Top of Records supplied
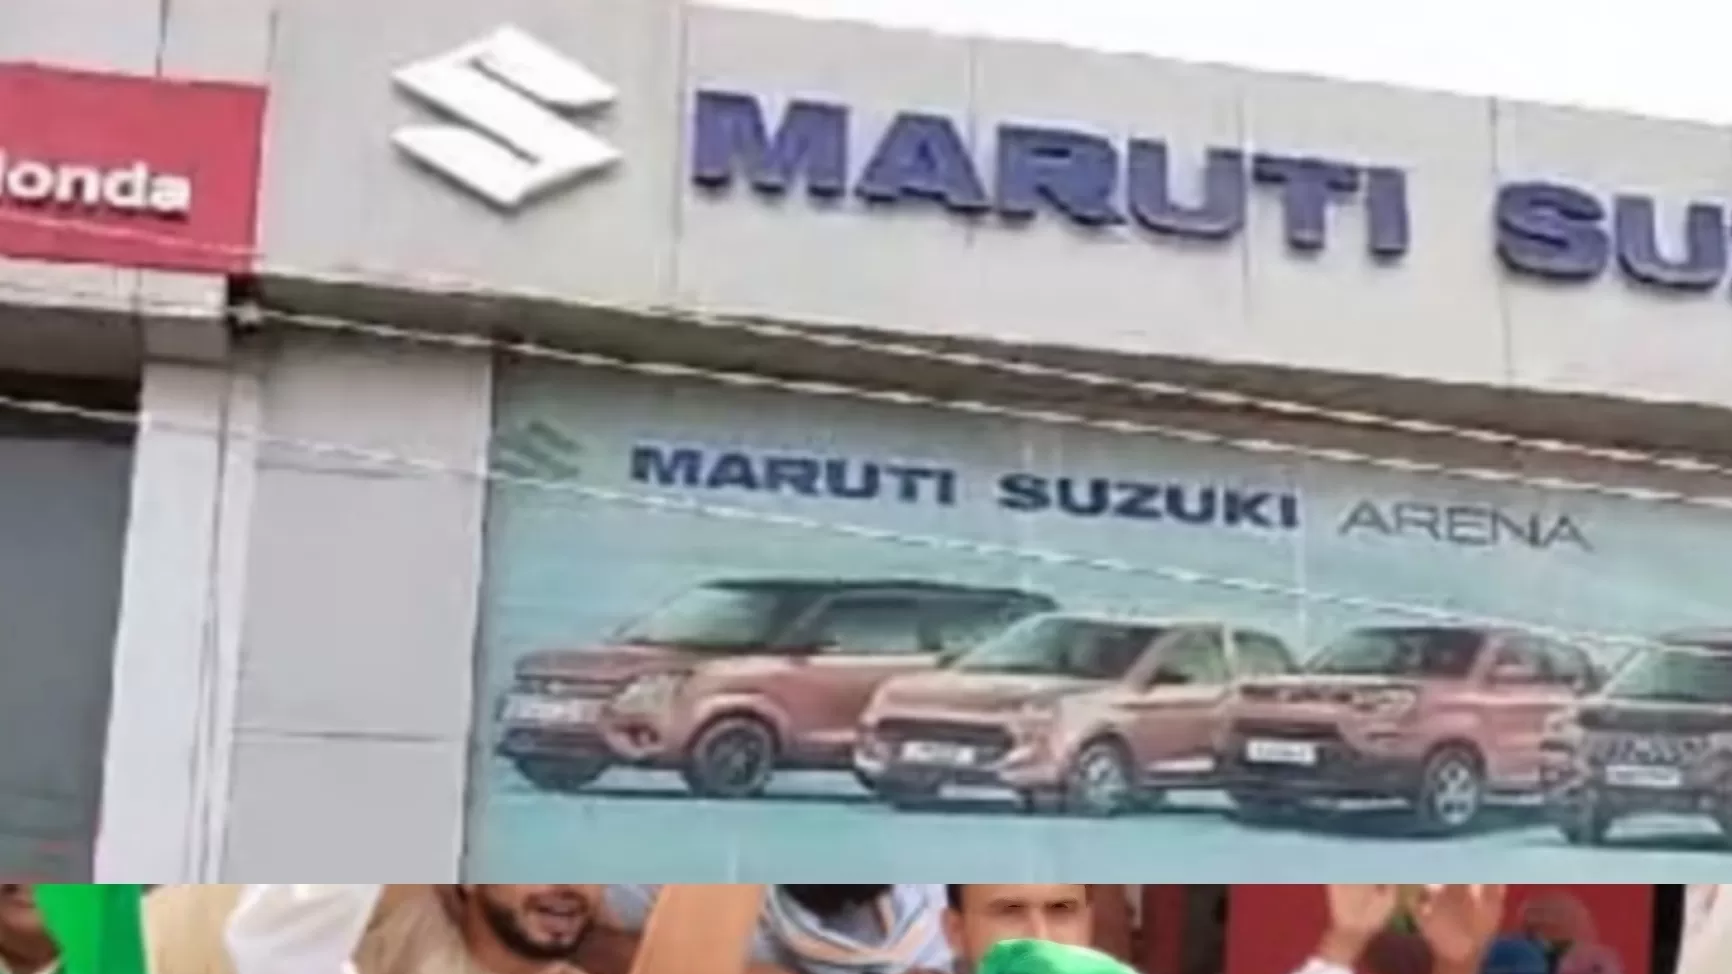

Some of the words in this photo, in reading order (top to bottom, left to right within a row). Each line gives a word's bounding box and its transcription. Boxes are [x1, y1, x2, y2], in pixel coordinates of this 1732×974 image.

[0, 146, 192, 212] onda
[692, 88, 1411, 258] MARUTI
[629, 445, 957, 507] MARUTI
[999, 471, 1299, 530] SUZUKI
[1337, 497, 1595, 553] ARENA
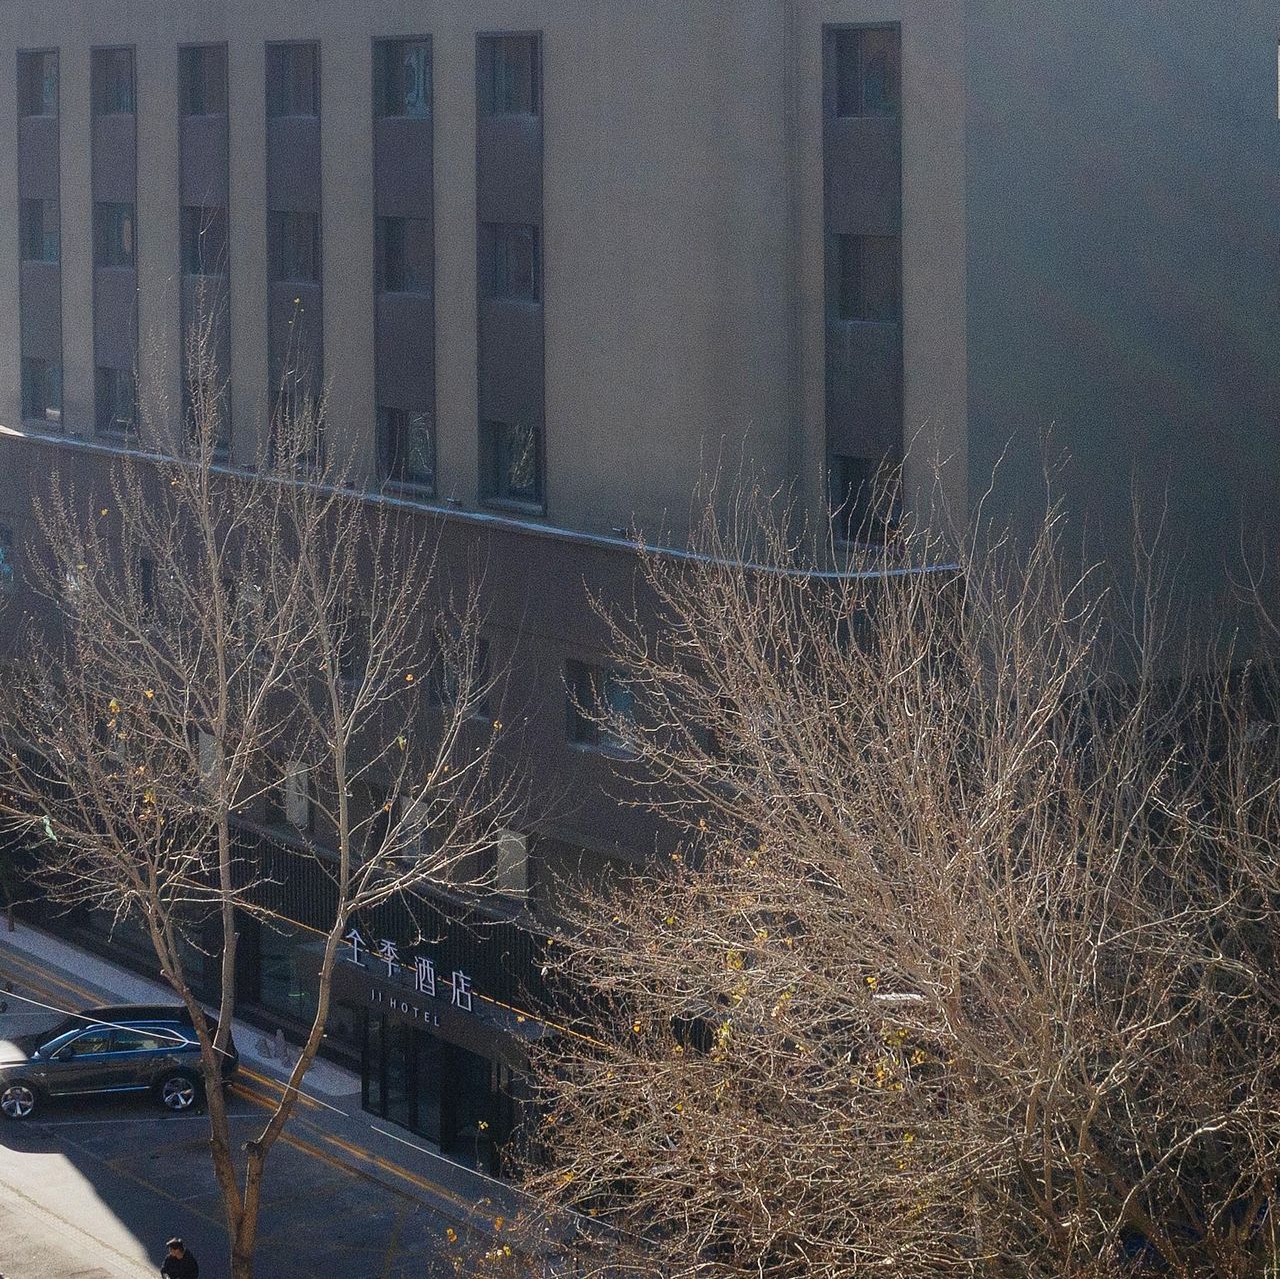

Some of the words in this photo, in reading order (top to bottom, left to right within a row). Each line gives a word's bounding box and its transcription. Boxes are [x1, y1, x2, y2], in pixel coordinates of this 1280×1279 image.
Bottom of Records supplied
Top of Records supplied
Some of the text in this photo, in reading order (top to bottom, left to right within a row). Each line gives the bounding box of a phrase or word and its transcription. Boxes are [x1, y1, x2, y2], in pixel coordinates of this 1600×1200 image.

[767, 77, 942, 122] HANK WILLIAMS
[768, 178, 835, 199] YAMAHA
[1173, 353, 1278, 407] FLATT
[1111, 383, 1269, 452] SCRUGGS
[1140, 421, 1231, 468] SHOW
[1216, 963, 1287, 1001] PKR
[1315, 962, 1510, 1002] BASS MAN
Bottom of Records supplied
* _Task objective_:
Please copy out from the data above, without any picture, exactly the lines running from the one that holds "this 1732×974 image." through the one that holds "this 1280×1279 image.", and nothing beyond them.

* _Written response_:
Some of the words in this photo, in reading order (top to bottom, left to right within a row). Each line gives a word's bounding box and its transcription. Boxes are [x1, y1, x2, y2], in pixel coordinates of this 1732×974 image.

[0, 146, 192, 212] onda
[692, 88, 1411, 258] MARUTI
[629, 445, 957, 507] MARUTI
[999, 471, 1299, 530] SUZUKI
[1337, 497, 1595, 553] ARENA

Some of the words in this photo, in reading order (top to bottom, left to right within a row). Each line gives a word's bounding box and its transcription. Boxes are [x1, y1, x2, y2], in pixel coordinates of this 1280×1279 image.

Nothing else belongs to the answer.